Conférences institutionnelles et innovations : quand l’expérimentation devient politique publique

Derrière le décor institutionnel, ces temps collectifs servent de laboratoire pour l’innovation sociale. Quelques exemples marquants :

  • Portage expérimental d’équipes mobiles de prévention : Suite à une concertation menée dans les Hauts-de-France, le modèle de “camion prévention” a été soutenu par le département puis étendu en Occitanie.
  • Solutions numériques pour le maintien à domicile : Les “Labs” organisés lors des États Généraux de l’Adaptation du logement en 2021 ont permis d’identifier plusieurs start-ups et associations, désormais aidées par la Banque des Territoires.
  • Dialogue intergénérationnel : Lors des ateliers collaboratifs en Ile-de-France, des étudiants et des personnes âgées ont conçu ensemble de nouveaux dispositifs de transport solidaire, repris ensuite par des collectivités locales.

Regards croisés et ouverture : quelles évolutions pour demain ?

La multiplicité des conférences institutionnelles témoigne d’une volonté partagée de mieux associer les citoyens, les professionnels et les décideurs à la construction des politiques publiques du grand âge. Pour autant, leur efficacité dépend de leur capacité à aller au-delà du “grand débat” : il s’agit désormais de renforcer le suivi des recommandations, d’inscrire le vécu des personnes concernées au cœur des décisions et d’adapter les modalités de participation afin de toucher des publics encore éloignés.

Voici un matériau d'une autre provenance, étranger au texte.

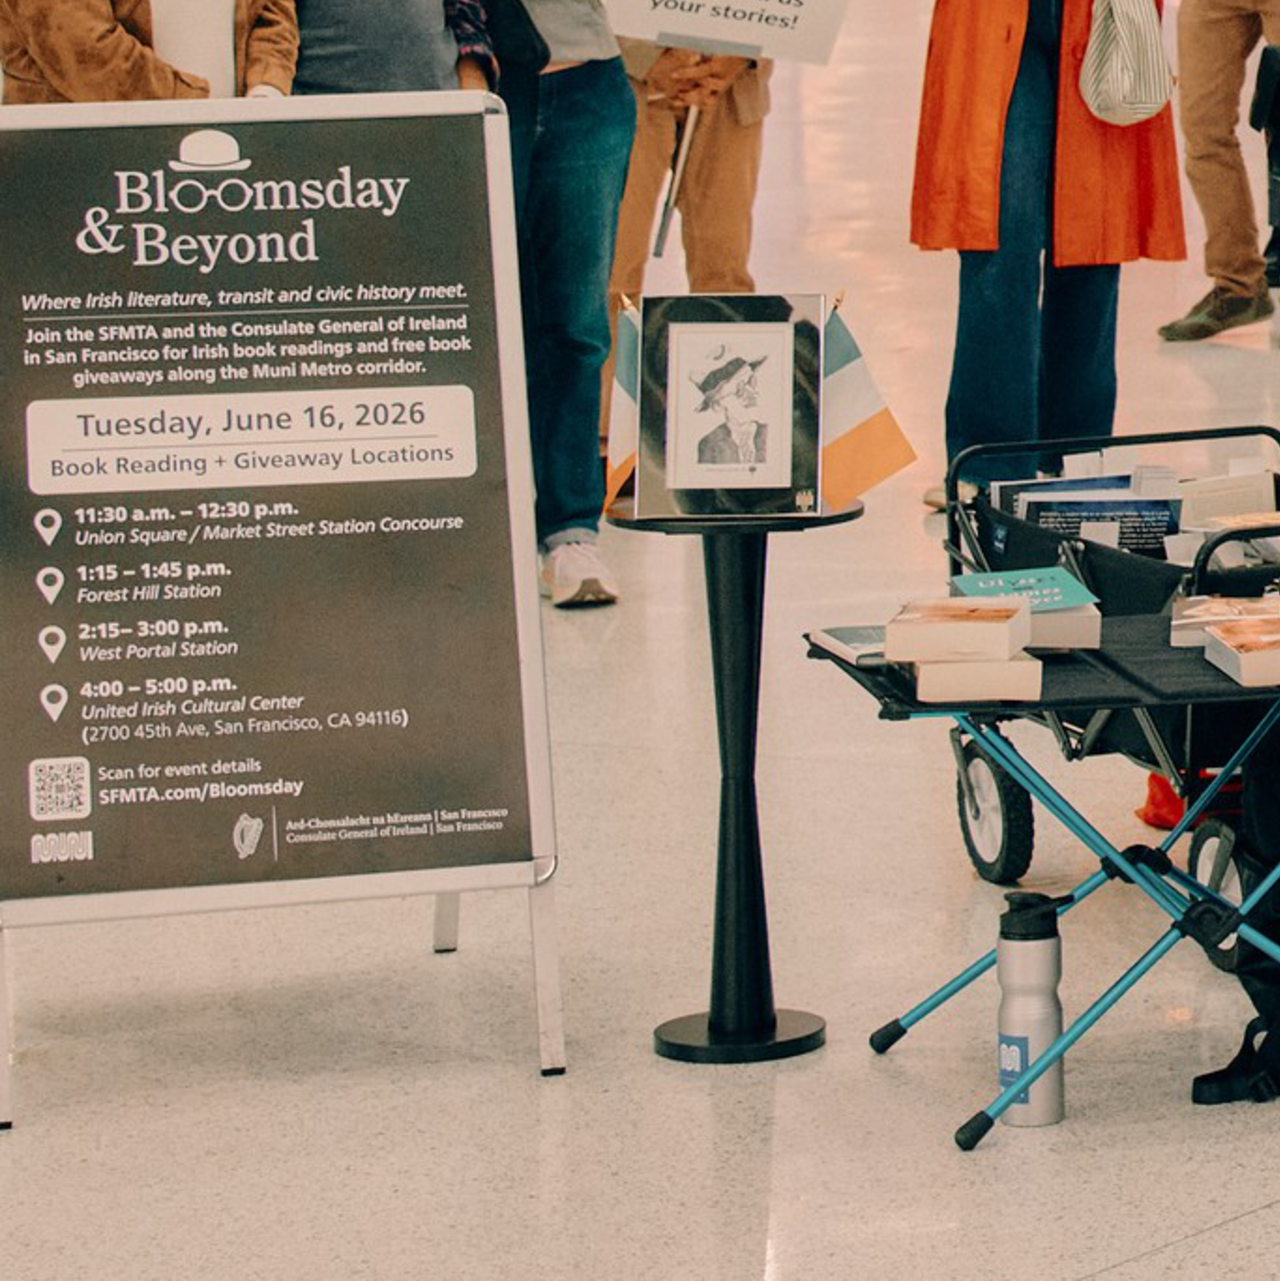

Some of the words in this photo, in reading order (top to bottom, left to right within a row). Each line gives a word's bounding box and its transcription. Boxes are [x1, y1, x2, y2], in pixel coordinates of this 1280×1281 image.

Le contexte actuel – inflation, crise des vocations, attentes croissantes des familles – rend ces moments de dialogue et d’élaboration collective plus cruciaux que jamais. Les défis restent devant nous : accessibilité universelle, inclusion, formation des professionnels et lutte contre la fracture territoriale. Mais les conférences institutionnelles, en matière de politiques du grand âge, sont déjà les laboratoires où s'expérimentent les solutions de demain et où se construit, lentement, mais sûrement, un “vivre ensemble” adapté à une société qui avance en âge.